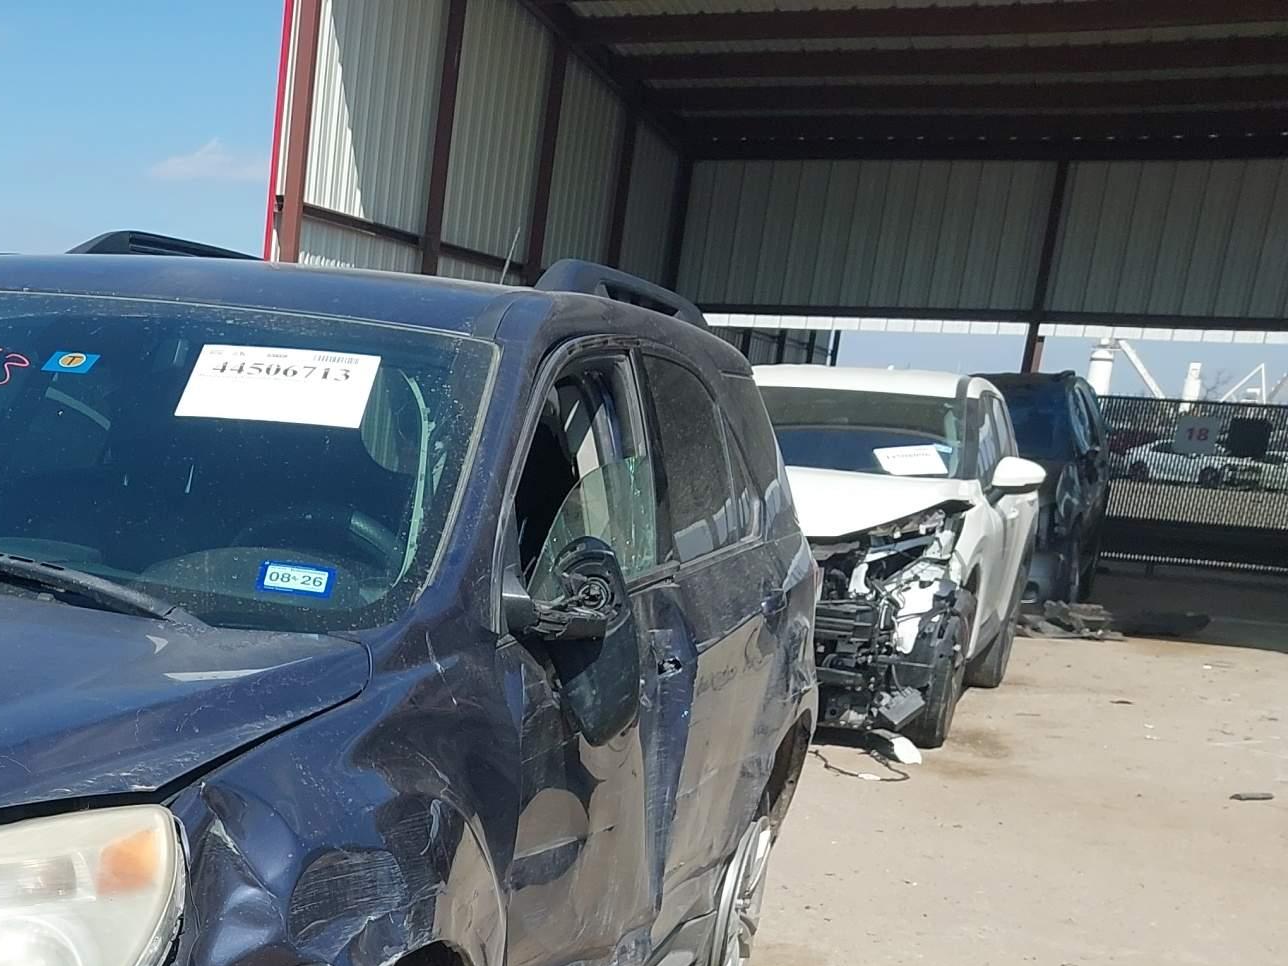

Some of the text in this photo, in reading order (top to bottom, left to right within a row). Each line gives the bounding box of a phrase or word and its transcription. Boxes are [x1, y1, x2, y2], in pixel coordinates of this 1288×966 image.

[212, 361, 351, 382] 44506713
[1186, 427, 1209, 441] 18
[269, 571, 292, 584] 08
[300, 575, 323, 587] 26
= = = = =
### Activity
Transcribe the records above exactly, leaving every picture out of the copy.

### Response
Some of the text in this photo, in reading order (top to bottom, left to right within a row). Each line gives the bounding box of a phrase or word and its transcription. Boxes are [x1, y1, x2, y2], in pixel coordinates of this 1288×966 image.

[212, 361, 351, 382] 44506713
[1186, 427, 1209, 441] 18
[269, 571, 292, 584] 08
[300, 575, 323, 587] 26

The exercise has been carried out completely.